Si des plaintes s'échappaient des lèvres de ce mort, cela devait-il signifier qu'il était encore vivant ?...

Une fois de plus, elle crut à la perte de sa raison. Son cerveau, comme fouaillé par une mèche de fouet cinglante, se remit en marche avec vélocité, refusant l'abandon au délire et, impérativement, elle le sommait de se prononcer, sans travestir la vérité, si épouvantable fût-elle.

Comme un animal rétif, elle le ramenait devant l'obstacle, l'obligeait à le considérer sans faux-fuyant, si démentiel qu'il apparût.

Était-elle folle ?... Ou bien, si elle reconnaissait que des plaintes s'échappaient des lèvres noires de ce mort, devait-elle admettre qu'il était donc... vivant ?...

Et, dans ce cas, pourquoi Outtaké l'avait-il jeté sur son seuil ? Pourquoi le lui avait-il remis vivant ?

Pour satisfaire à laquelle de leurs lois vengeresses ou cannibales ? Pour l'achever ? Pour le manger ?...

Était-ce cela qu'il voulait ? Selon sa logique et son éthique aux racines primitives, entremêlant obscurément sagesse et folie, générosité et cruauté, vengeance et nourriture.

Un spasme lui tordit les entrailles. Elle sentit la brûlure de son estomac torturé, et porta la main à sa bouche pour retenir une nausée incoercible.

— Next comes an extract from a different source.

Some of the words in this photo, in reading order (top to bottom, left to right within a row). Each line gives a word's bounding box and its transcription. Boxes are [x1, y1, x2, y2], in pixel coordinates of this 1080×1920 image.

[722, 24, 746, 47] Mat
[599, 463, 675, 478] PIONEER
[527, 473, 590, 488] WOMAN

De la nourriture, de la viande, de la viande ! Un bouillon chaud !... et sapide !... Le salut ! La vie !

Elle s'élança vers la porte pour fuir des images atroces, trouva dans l'indignation et la rage qui la secouaient, des forces décuplées pour soulever encore la lourde barre, tirer les verrous, tourner les clés, arracher le battant à la neige et aux glaces.

Elle se jeta dehors, dans la tourmente, les appelant de toutes ses forces.

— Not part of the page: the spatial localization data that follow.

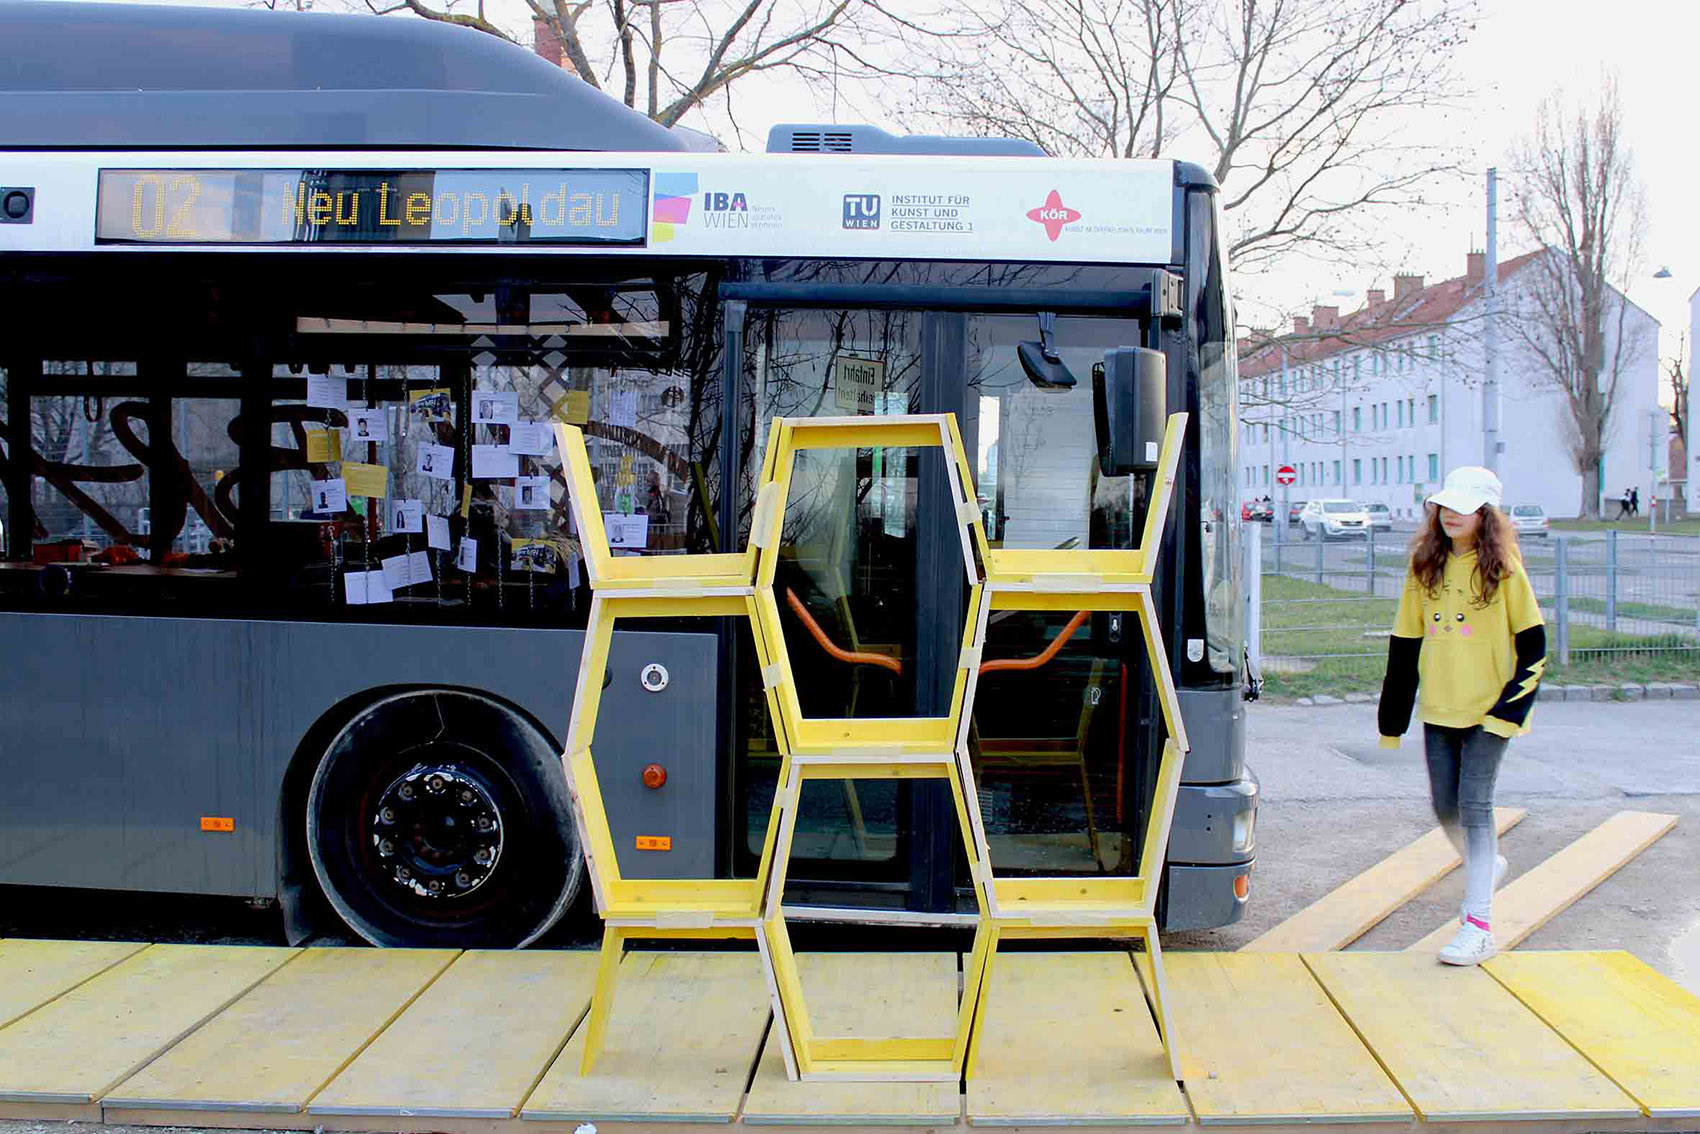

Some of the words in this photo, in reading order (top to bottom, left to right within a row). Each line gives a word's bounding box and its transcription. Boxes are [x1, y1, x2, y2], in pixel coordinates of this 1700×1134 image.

[132, 176, 200, 237] 02
[281, 181, 359, 226] Neu
[379, 181, 620, 235] Leopoldau
[704, 192, 748, 211] IBA
[892, 195, 943, 205] INSTITUT
[845, 197, 878, 217] TU
[891, 208, 929, 218] KUNST
[934, 209, 959, 218] UND
[1040, 207, 1068, 220] KÖR
[703, 212, 749, 229] WIEN
[845, 219, 878, 228] WIEN
[890, 221, 964, 231] GESTALTUNG
[968, 222, 974, 231] 1
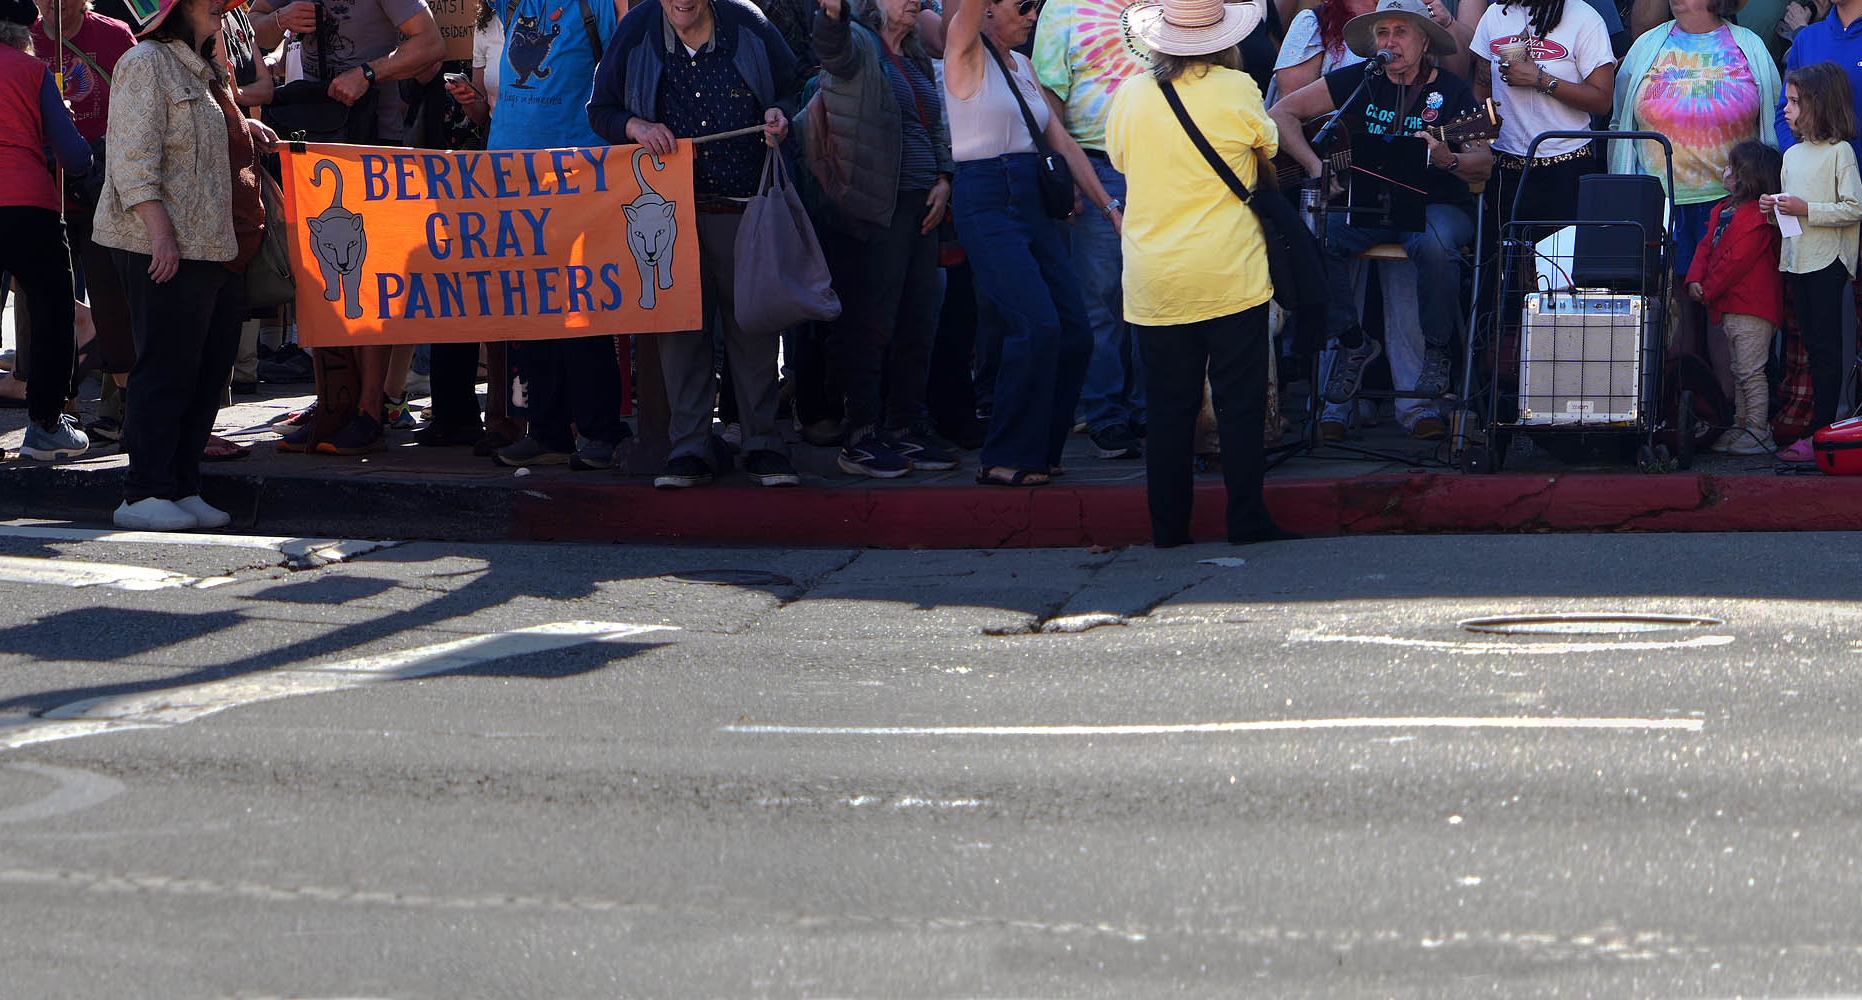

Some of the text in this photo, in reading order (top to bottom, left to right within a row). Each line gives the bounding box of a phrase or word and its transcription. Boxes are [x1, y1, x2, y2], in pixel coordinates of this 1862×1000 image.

[361, 147, 611, 200] BERKELEY
[425, 208, 552, 260] GRAY
[375, 263, 623, 319] PANTHERS

– ... Revenez ! Revenez Indiens ! Revenez !...

Le blizzard l'assaillit de mille serpents forcenés aux sifflements aigus. Elle dut reculer, aveuglée. Mais elle continuait de crier :

– Revenez ! Revenez ! Mohawks !... Vous n'avez pas le droit !... Vous n'avez pas le droit de faire cela !...

Elle entremêlait les mots français et iroquois. L'écoutaient-ils, tapis, nus et sauvages, derrière les giclées de neige glacée ?...

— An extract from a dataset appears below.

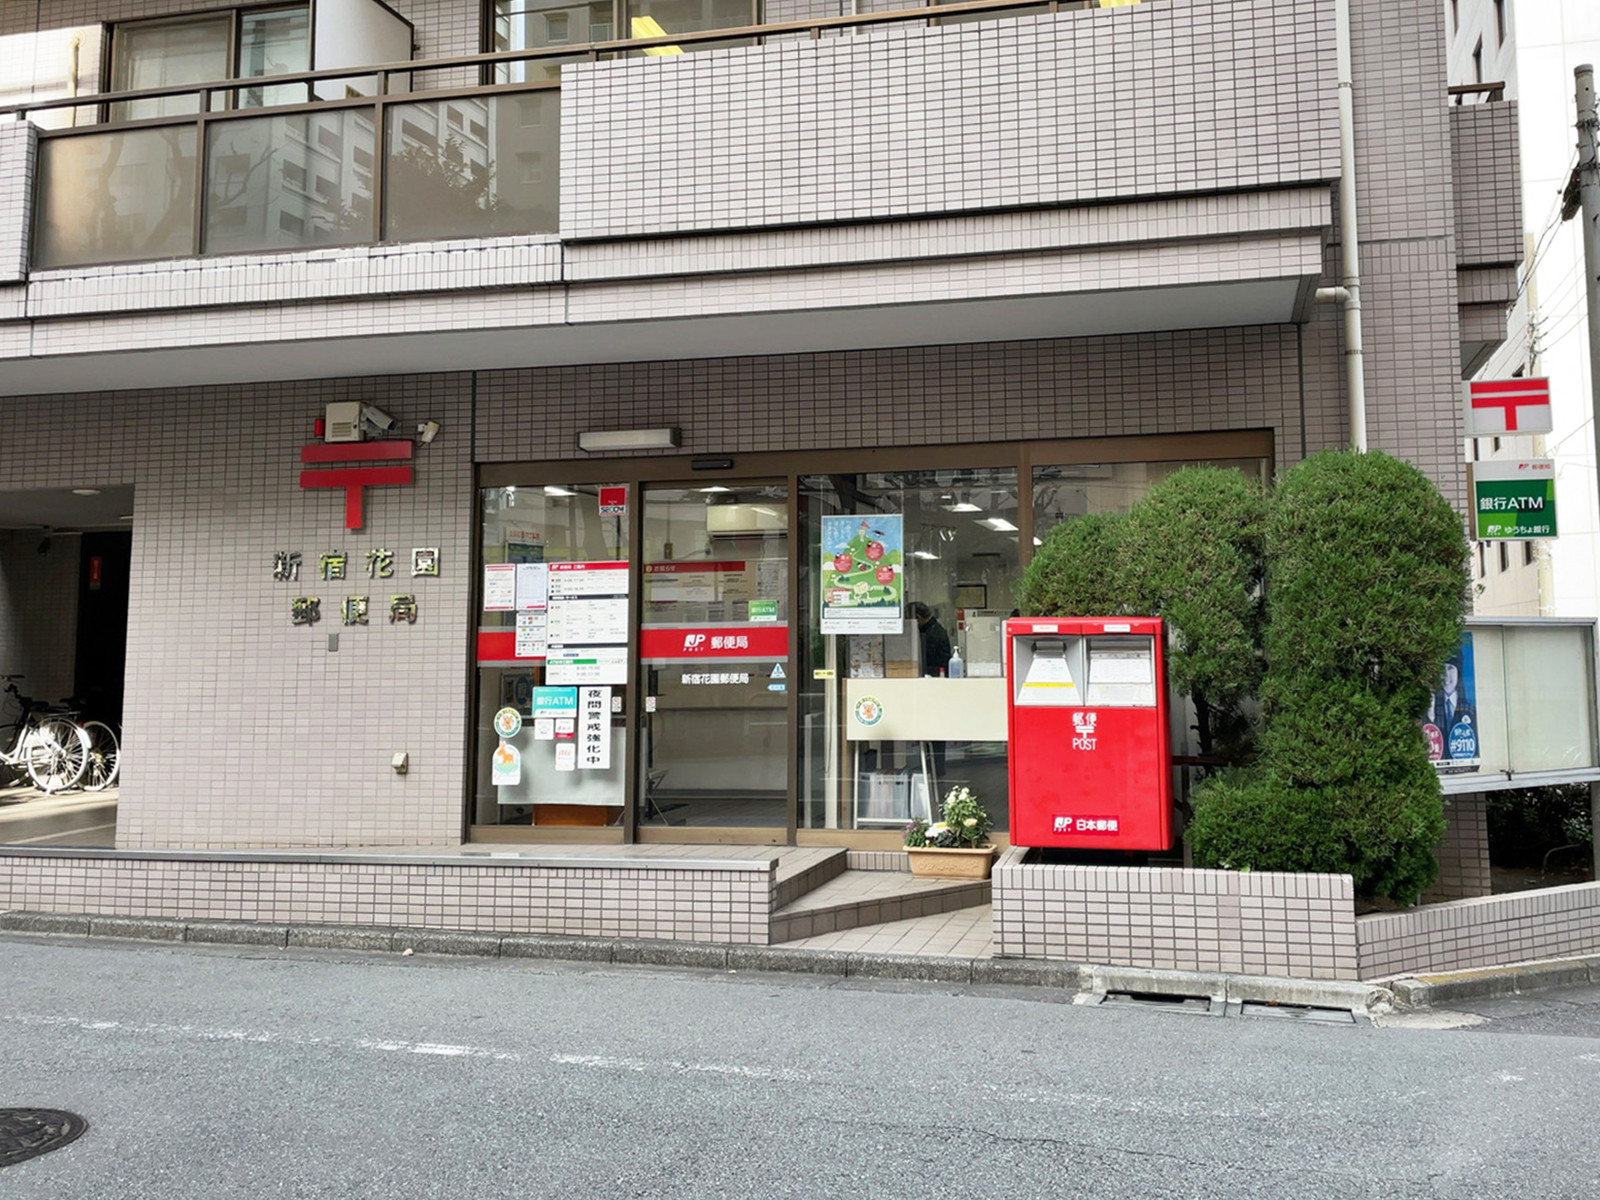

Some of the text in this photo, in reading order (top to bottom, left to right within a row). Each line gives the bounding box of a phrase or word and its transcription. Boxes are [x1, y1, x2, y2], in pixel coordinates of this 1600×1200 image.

– Vous m'avez trahie, Indiens ! Vous m'avez trahie ! Indiens iroquois. Vous m'avez tuée ! Je meurs par vous !...

Elle tomba évanouie dans le linceul profond et doux de la neige amoncelée contre la porte. Elle se souviendrait plus tard s'y être enfoncée avec un infini soulagement.

La pensée des enfants la ranima. Elle crut voir debout devant elle trois petites silhouettes grises dans le blizzard mortel, qui l'appelaient en pleurant, et, terrifiée, se dressa d'un bond.

« Ils vont geler sur place ! »

Ses bras ouverts pour les secourir ne rencontrèrent que le vide, et cette fois alors, elle sut qu'elle avait bien été victime d'une hallucination.

Cependant, rentrée à l'intérieur du poste, elle continuait d'être hantée par l'idée qu'ils s'étaient éveillés, et ne la trouvant pas, étaient partis à sa recherche.

Titubant de fatigue, elle se traîna jusqu'à la chambre et les vit tous trois qui continuaient de dormir paisiblement dans le grand lit, les jumeaux de chaque côté de Charles-Henri, inclinant leurs petites têtes vers lui qui les tenait chacun par le cou.

Rassurée, elle retourna dans l'entrée pour en finir avec la porte qu'elle n'avait pas pris le temps de refermer entièrement.

Elle dut pelleter dur pour dégager l'huis, mais elle ne sentait plus sa faiblesse.

Sa peur avait été si grande d'avoir failli causer leur mort par sa défaillance, que tout le reste ne comptait plus.

Un sentiment de culpabilité la taraudait.

Comment osait-elle se laisser ainsi dominer par ses nerfs, alors qu'elle était le seul rempart de ces trois petites vies ?...

Elle consacra à la fermeture de la porte ses dernières réserves d'énergie.